Daniel Kammen is a professor in both the Goldman School of Public Policy and the Energy and Resources Group at the University of California, Berkeley, where he co-directs the Institute of the Environment and serves as the Founding Director of the Renewable and Appropriate Energy Laboratory.

What will it take to make the transition to a low-carbon society? In the aftermath of the Copenhagen Climate summit, it is imperative that ecologically, economically, and socially effective strategies move into widespread use. This talk examined both scientific/technical and political/economic opportunities to put this low-carbon economy into practice and into the marketplace of not only ideas, but of business. This talk explored what rates of innovation and change can meet ‘Nature’s mandate.’

The Future of Water: Finding a Path to Sustainability
Dr. Peter Gleick

Dr. Gleick is co-founder and president of the Pacific Institute for Studies in Development, Environment and Security in Oakland, California. His research and writing address the critical connections between water and human health, the hydrologic impacts of climate change, sustainable water use, privatization and globalization, and international conflicts over water resources.

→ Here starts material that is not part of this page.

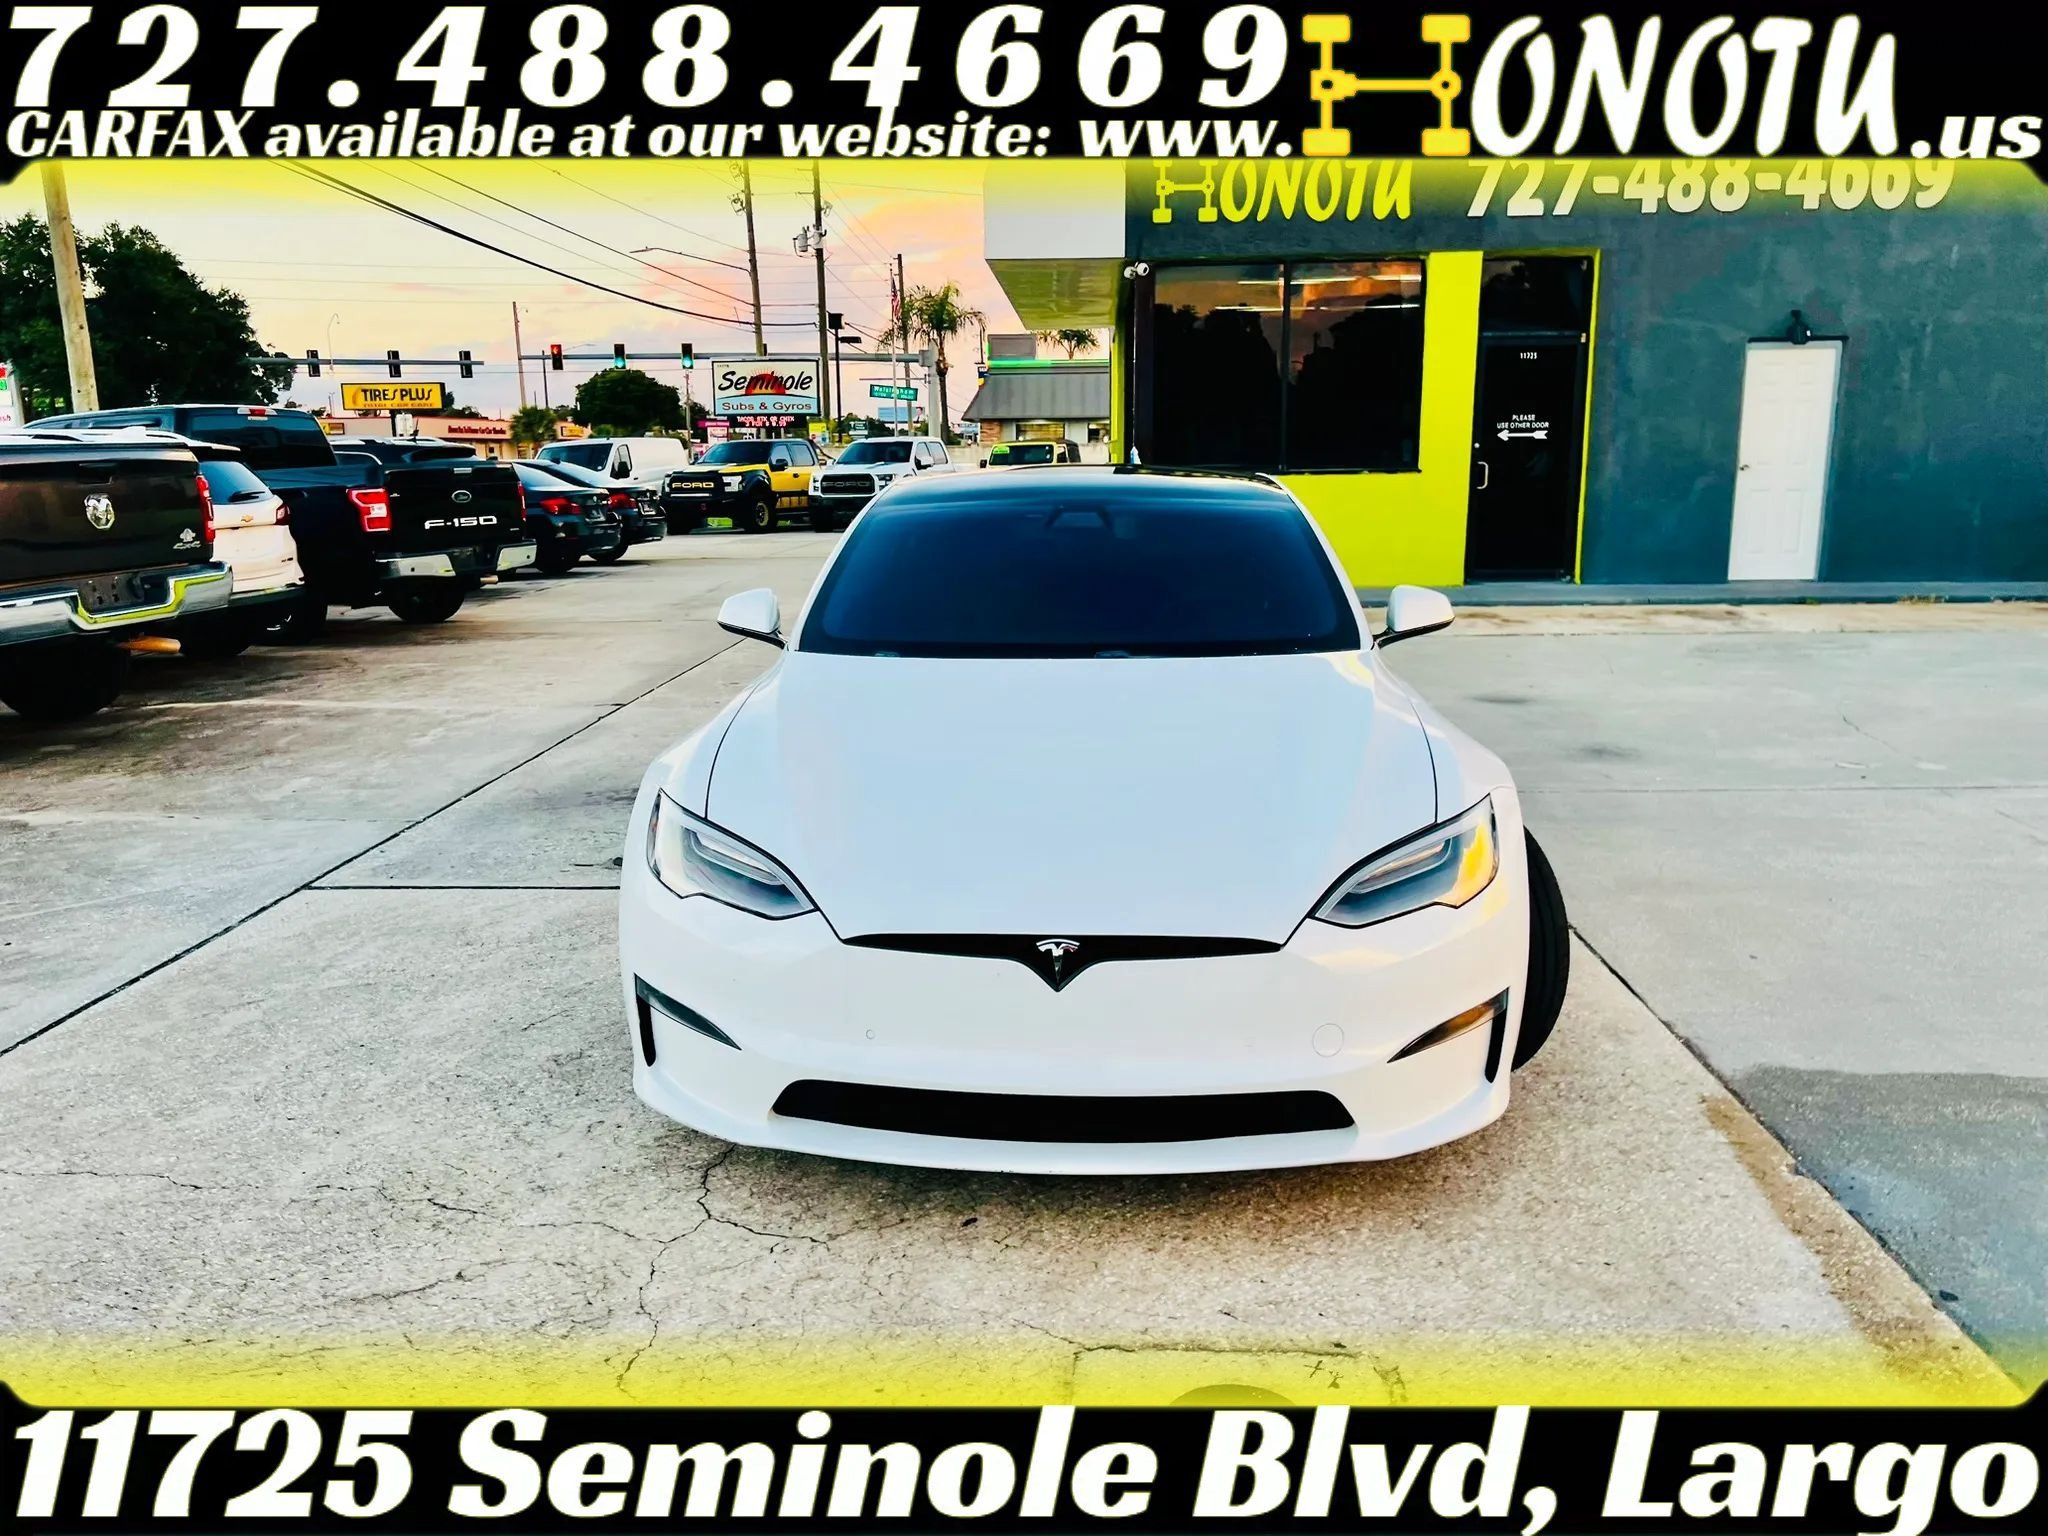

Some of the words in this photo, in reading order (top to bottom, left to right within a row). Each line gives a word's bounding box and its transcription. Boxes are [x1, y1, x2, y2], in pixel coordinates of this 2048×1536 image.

Can We Define, Let Alone Fix, "Dangerous" Climate Change?
Dr. Stephen Schneider

Dr. Stephen Schneider (now deceased) was the Melvin and Joan Lane Professor for Interdisciplinary Environmental Studies at Stanford University, as well as a Professor of Biological Science and a Senior Fellow in the Woods Institute of the Environment. Dr. Schneider received numerous awards for his scientific research and his ability to integrated and explain the results of climate change research to the broader public.

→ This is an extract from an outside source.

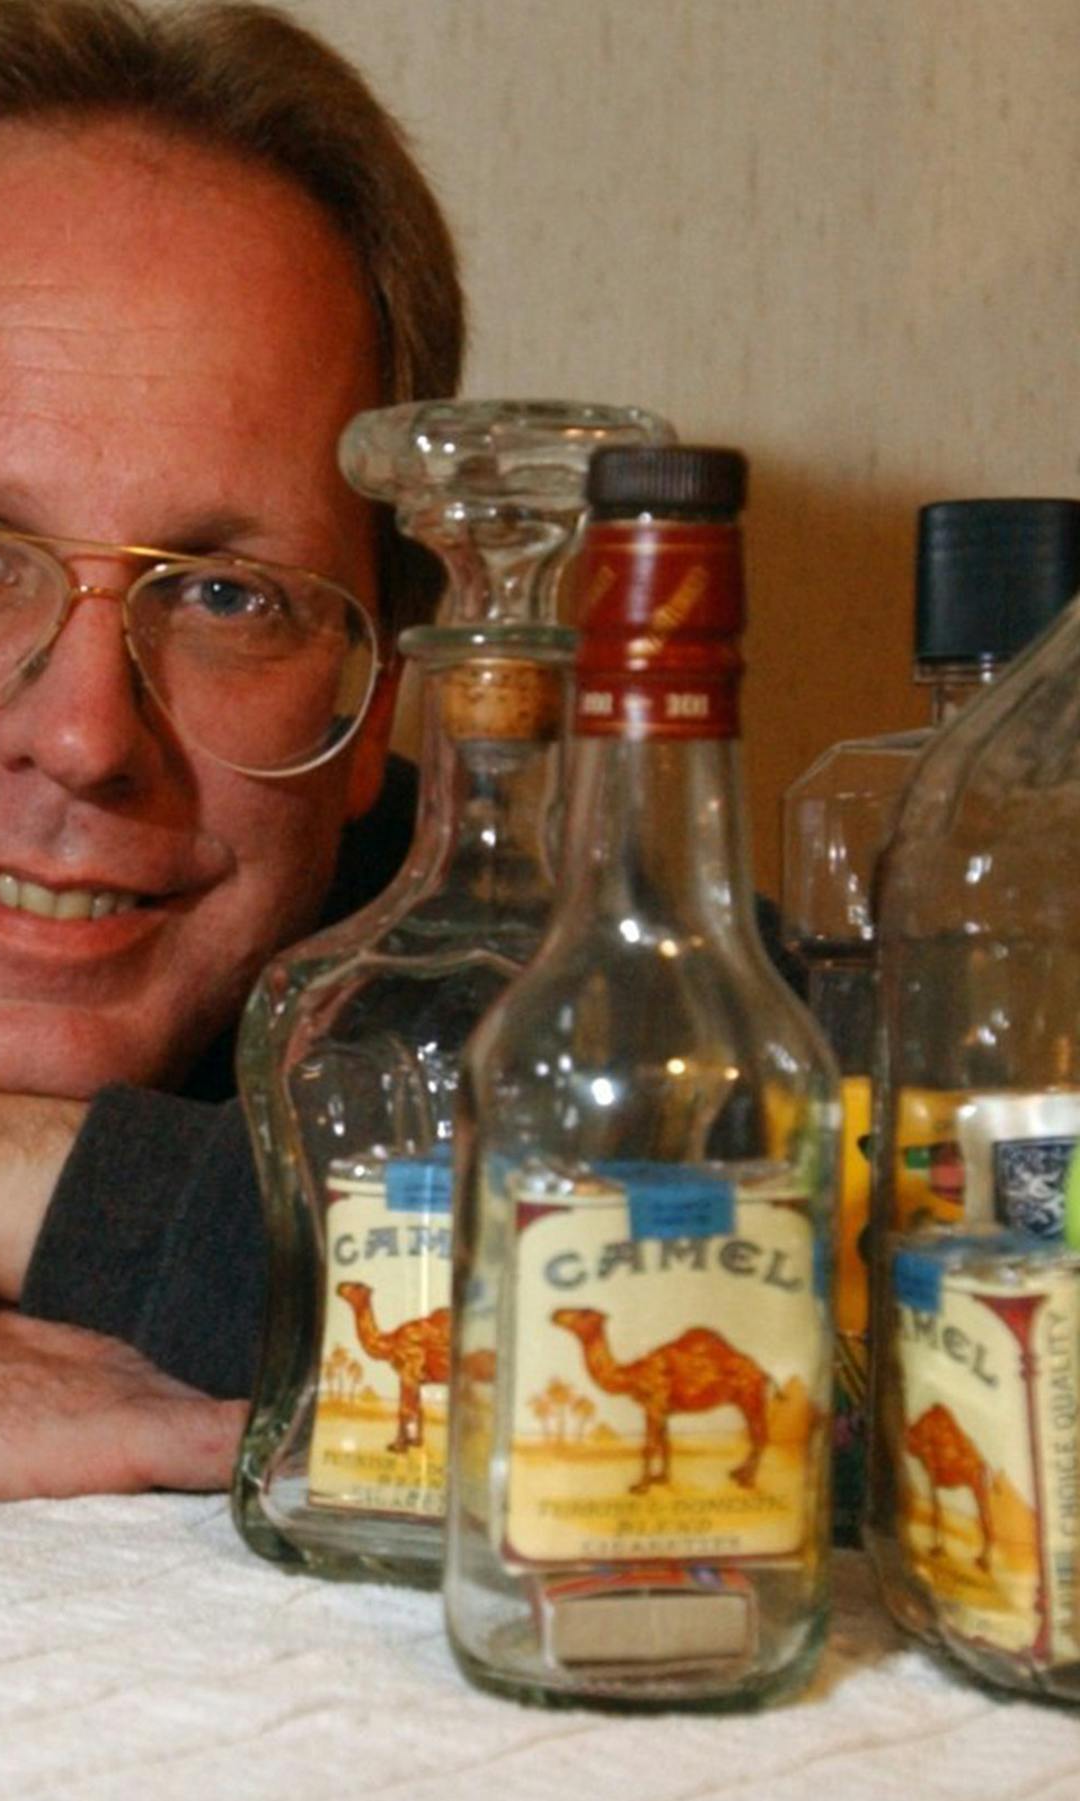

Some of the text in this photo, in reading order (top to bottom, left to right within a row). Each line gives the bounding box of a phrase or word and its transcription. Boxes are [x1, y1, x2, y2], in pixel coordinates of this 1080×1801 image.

[334, 1226, 450, 1266] CAM
[544, 1239, 803, 1291] CAMEL
[908, 1308, 998, 1388] MEL
[1047, 1311, 1077, 1430] QUALITY

Evaluating the consequences of climate change outcomes to determine those that may be considered "dangerous" is a complex undertaking, involving substantial uncertainties as well as value judgments. For an efficient functioning of a democracy the electorate needs to understand the trade-offs between the use of limited resources for economic development on the one hand and protecting the sustainability of our environmental assets on the other hand. Probabilistic estimation is an important method to treat such uncertainties. This task inevitably involves a mix of objective and subjective probability measures. What integrated assessment modeling can do to help explicate this important interdisciplinary scientific and political question is an issue that was explored in this lecture.